If the fact that home sales are down, relative to previous months and years, comes as a surprise to you, you probably haven’t been paying attention.
Contracts were down in June and July in the aftermath of the government’s homebuyer tax credit. Thus, closings were down in July and will probably be down in August as well.
I’m coming to the conclusion that the Charlottesville real estate market is neither good nor bad … it just is. And part of that “is” is that last month in Charlottesville and Albemarle, 85 single family homes closed and 22 attached homes closed. The market’s slow, but it’s not dead.
Attached Home Home Closings in July for the past ten years:
Single Family Home Closings in July for the past ten years: I’m actually surprised that there were so many closed transactions last July.
Now, looking back of June and July for the past ten years … The Spike in 2009 seems to be new construction attached properties in Abington Place, Brookwood and the Pavilions at Pantops (more on new construction’s impact on MLS data in a later post).
Single Family home closings in Charlottesville and Albemarle for the past ten years:
“The market’s slow, but it’s not dead”
I suppose if you have any number higher than zero, yes, its not dead…but seriously I think “slow” is a tad hopeful.
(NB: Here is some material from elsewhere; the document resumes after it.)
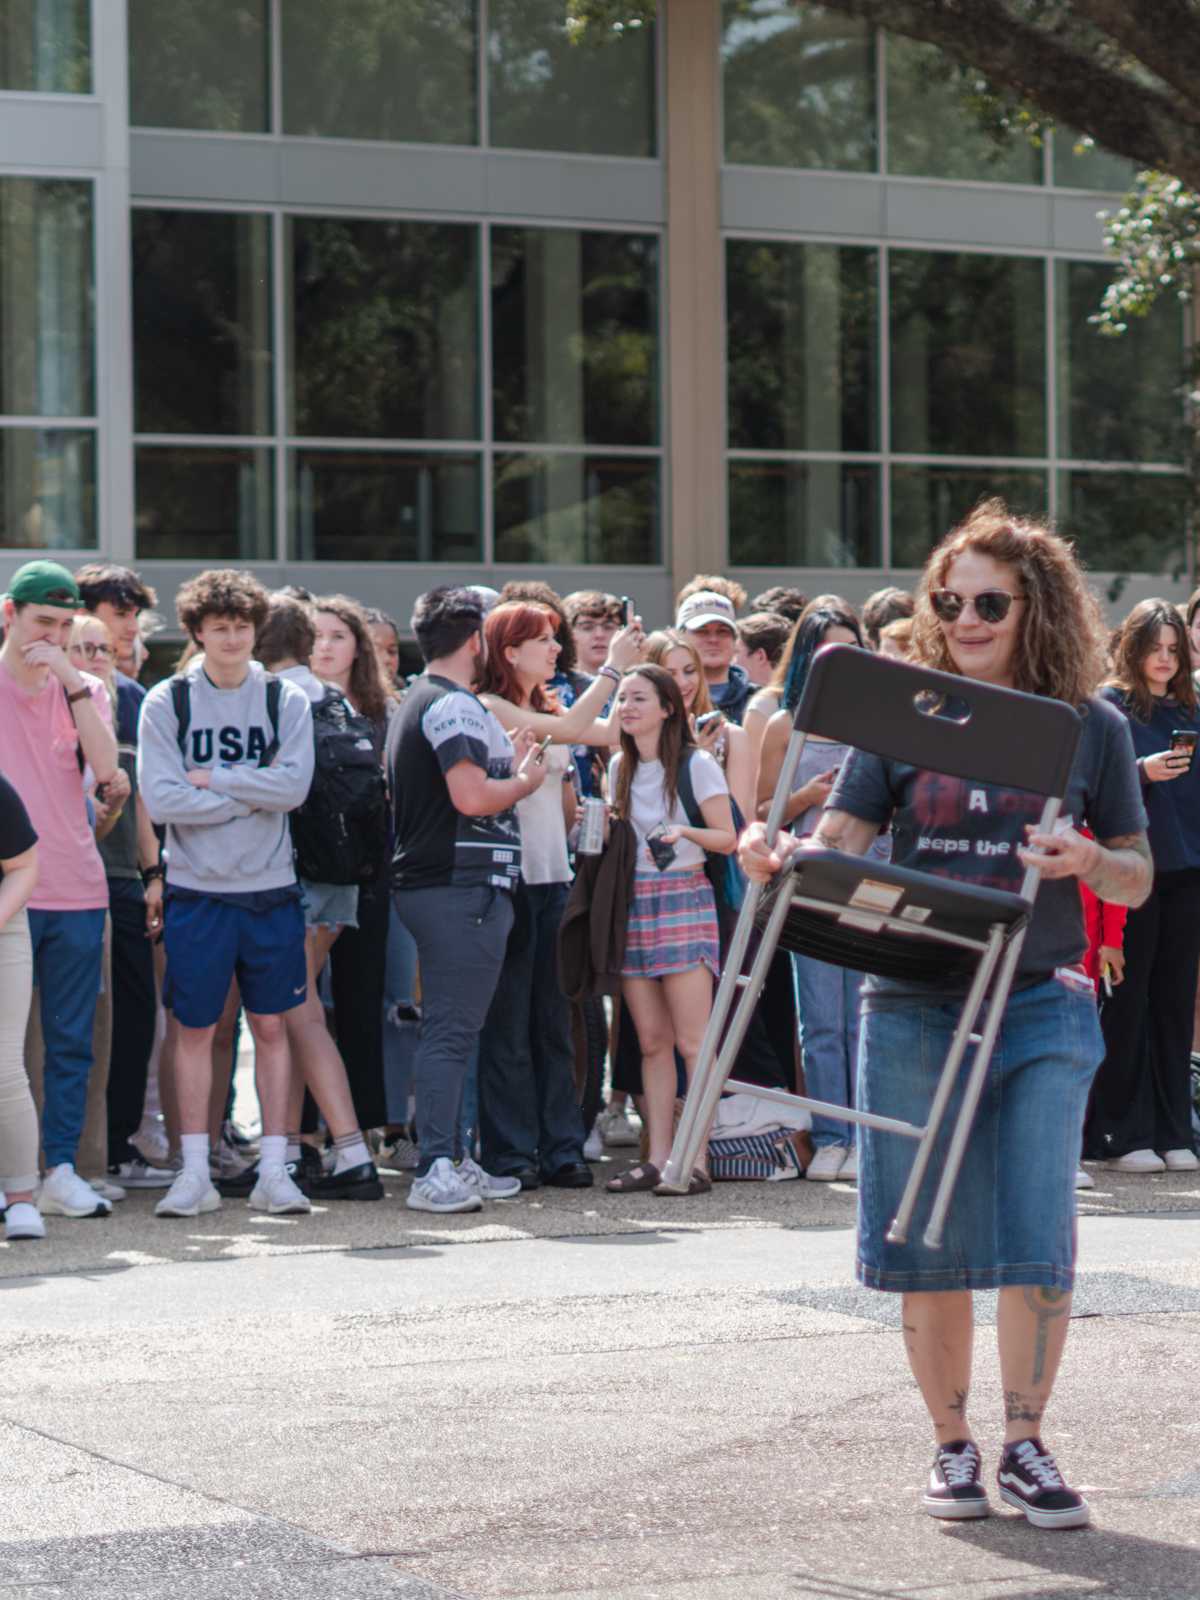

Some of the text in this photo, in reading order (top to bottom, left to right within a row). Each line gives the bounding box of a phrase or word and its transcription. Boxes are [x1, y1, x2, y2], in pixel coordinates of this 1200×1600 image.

[192, 726, 267, 763] USA
[968, 789, 988, 812] A
[976, 841, 1010, 856] the
It may be hopeful, but it’s the truth. I don’t know … maybe 100-150 transactions a month is the new “normal” (whatever that is). Either way, I think we’re still trying to find equilibrium after the tax credit.
That’s the best use of the word “is” since Bill Clinton.
It is all about perspective. 🙂 I’m awfully tired of seeking hindsight and am looking forward to when this is over … it seems though that foreclosures will be a continuous trickle rather than a massive wave …
Jim – I think the problem with your “new normal” theory is that yes, if inventory were such that 100-150 a month was a sustainable sales number at current price levels, then fine, we’d just have a slower market going forward, no biggie. The problem is imo (and you would know the numbers better than I) that inventory is historically high, not low. Therefore, it follows that prices need to adjust significantly for the market to clear. What is playing out in Cville is a classic example of a time-worn behavior in asset markets, whether stocks, commodities, houses, etc. When the Bid/Offer gets too far apart, the market starts to trade extremely thin (this is also happening in equity markets as I type, witness yesterday having lowest volume of the year), leaving it fragile and open to a dramatic move one way or the other in order to find a clearing price where supply/demand once more come into balance. Kind of like a ball balanced on a fulcrum, one little push either direction and momentum builds. So the question is which direction is the push going to come from?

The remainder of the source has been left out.